The OpenStack Object Store project, known as Swift, offers cloud storage software so that you can store and retrieve lots of data with a simple API.

It’s built for scale and optimized for durability, availability, and concurrency across the entire data set.

Swift is ideal for storing unstructured data that can grow without bound.

There are two apis viz. pfioh and pman, which interact with the Swift storage to get or put data.

For accessing the Swift storage, authorization credentials needs to provided as a secret, mounted into the pod.

More information can be found at Configuring Swift Credentials

pfioh

  1. The data pushed to pfioh is stored in Swift. In Swift, an object container is created with the name as specified in the key.
  2. The container has two folders internally- input and output.

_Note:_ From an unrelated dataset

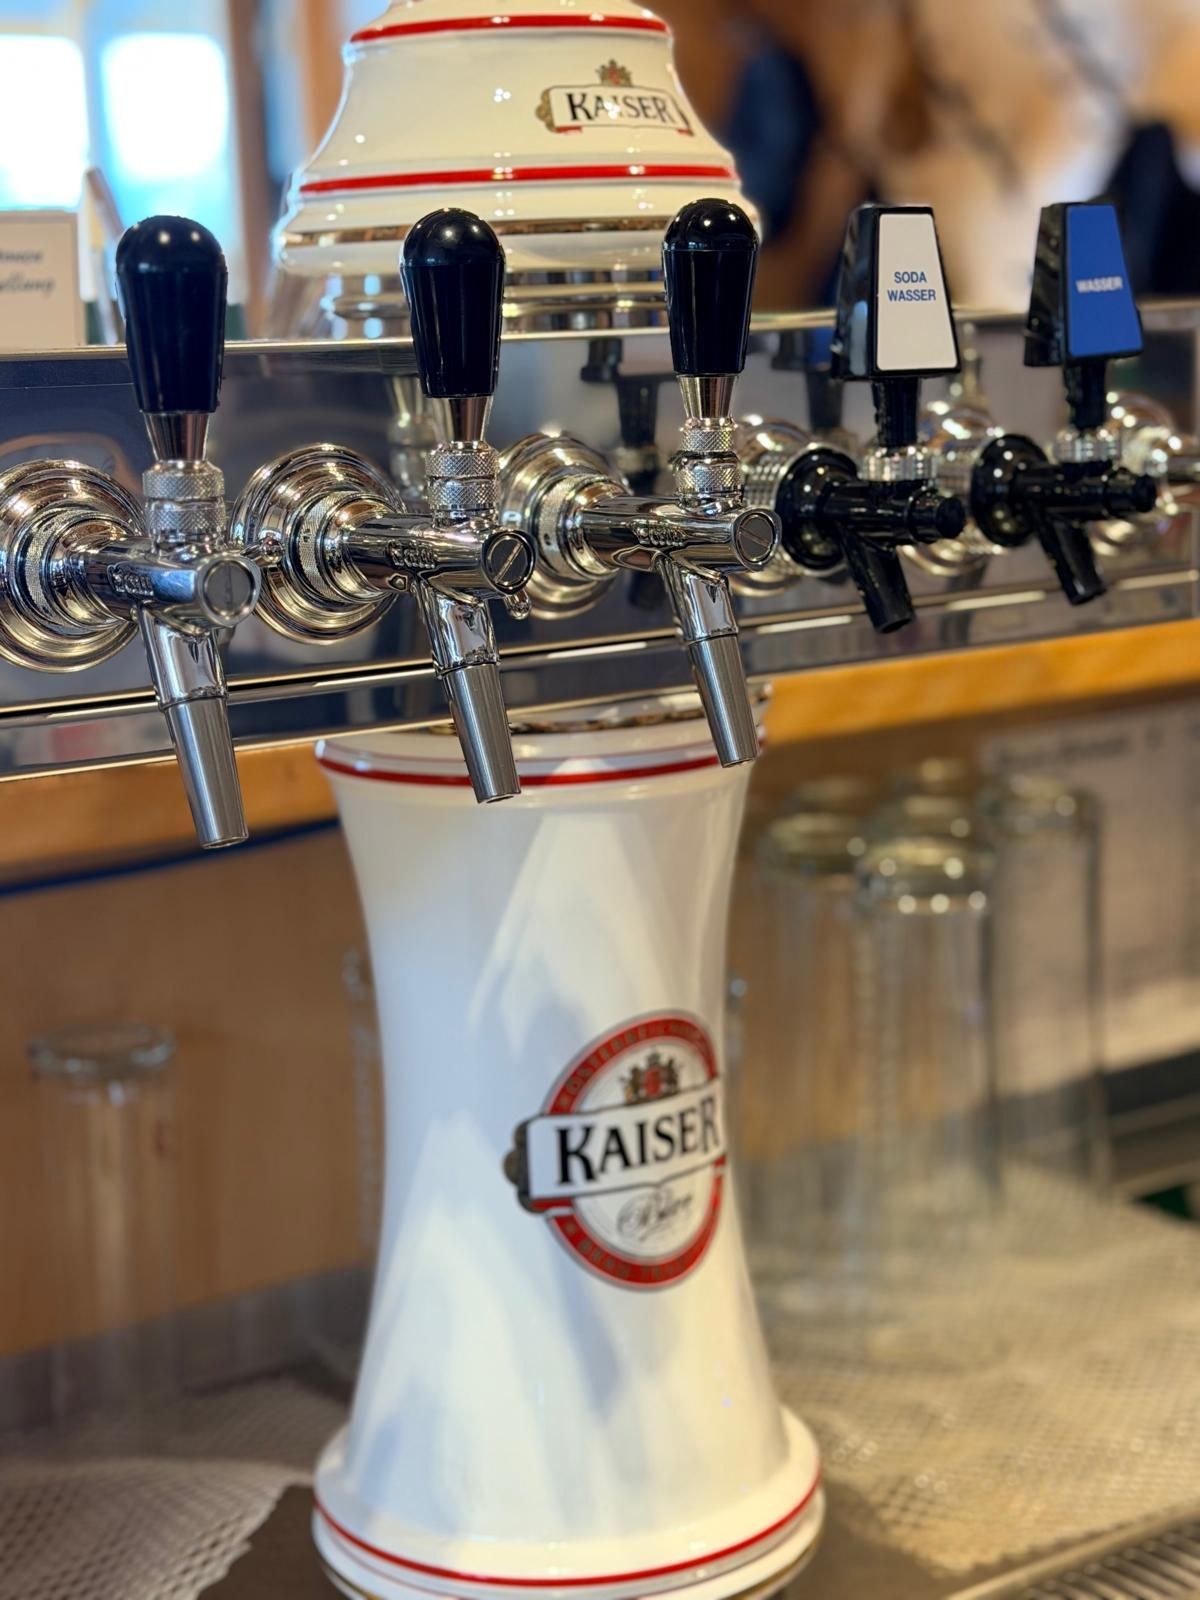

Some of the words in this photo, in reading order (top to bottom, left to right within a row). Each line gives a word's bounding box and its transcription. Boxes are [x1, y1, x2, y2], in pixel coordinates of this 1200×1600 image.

As the name suggests, the input data pushed to pfioh is stored into the input folder.
  3. To enable Swift Object store option for pfioh, start pfioh with –swift-storage option
    `pfioh --forever --httpResponse --swift-storage --createDirsAsNeeded`

pman

  1. pman needs to talk to Swift two times during the operation: get the data from Swift for image processor to perform some operation and put the output of image processor into the output folder of the data container.
  2. Initially, the input data is attached as a volume to the image processor using an empty directory mounted at /share shared within multiple containers of the image processor pod.
  3. The init container is pointed to pman-swift-publisher image which runs the script to get the data from Swift and put it into the /share folder.
  4. Next, the image processor does some computation on the data and produces an output. This output is stored in the output folder of the data container.
  5. The key is again passed as an environment variable for the publish container of the image processor pod.
  6. The publish container is pointed to pman-swift-publisher which runs the script to put the output from /share folder into Swift.
  7. However, the publish container has to know when the output has been generated. It polls the main OpenShift api to find out whether the job has been finished and then transfers the output into Swift.
  8. Once the publish container has finished its ‘put’ operation, the job will finish.